» **Problem requirements**
Repeat every entry word for word, skipping the pictures.

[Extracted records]

........

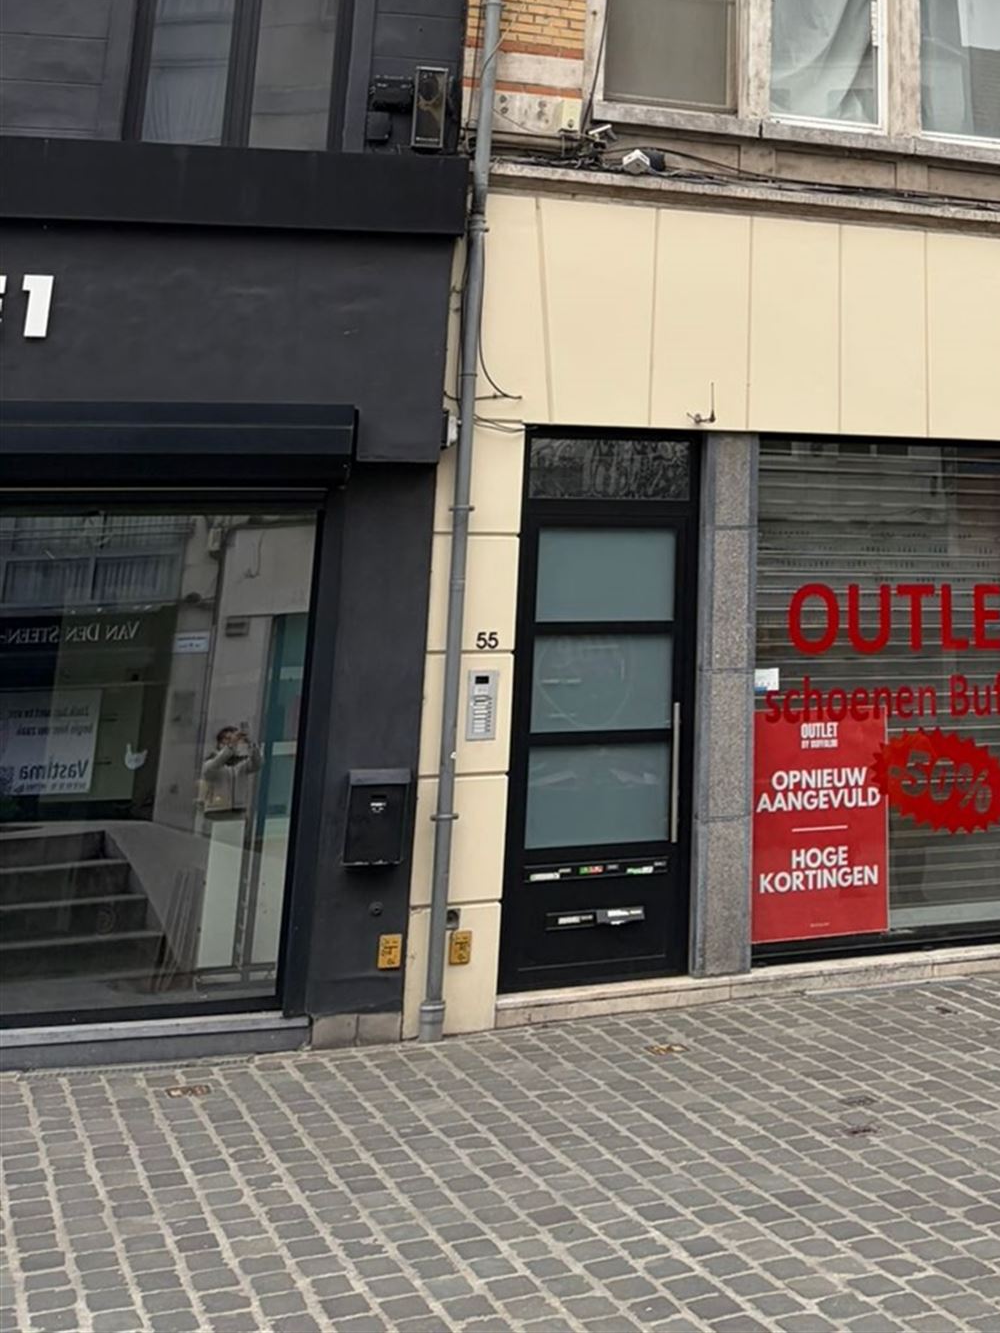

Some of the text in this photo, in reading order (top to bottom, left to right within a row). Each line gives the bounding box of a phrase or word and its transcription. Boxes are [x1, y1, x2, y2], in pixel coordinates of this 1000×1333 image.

[476, 632, 499, 649] 55
[765, 676, 936, 724] schoenen
[801, 722, 839, 739] OUTLET
[771, 767, 867, 791] OPNIEUW
[757, 788, 881, 813] AANGEVULD
[791, 845, 848, 868] HOGE
[758, 865, 879, 894] KORTINGEN

........

» **Solution**
Some of the text in this photo, in reading order (top to bottom, left to right within a row). Each line gives the bounding box of a phrase or word and its transcription. Boxes are [x1, y1, x2, y2], in pixel coordinates of this 1000×1333 image.

[476, 632, 499, 649] 55
[765, 676, 936, 724] schoenen
[801, 722, 839, 739] OUTLET
[771, 767, 867, 791] OPNIEUW
[757, 788, 881, 813] AANGEVULD
[791, 845, 848, 868] HOGE
[758, 865, 879, 894] KORTINGEN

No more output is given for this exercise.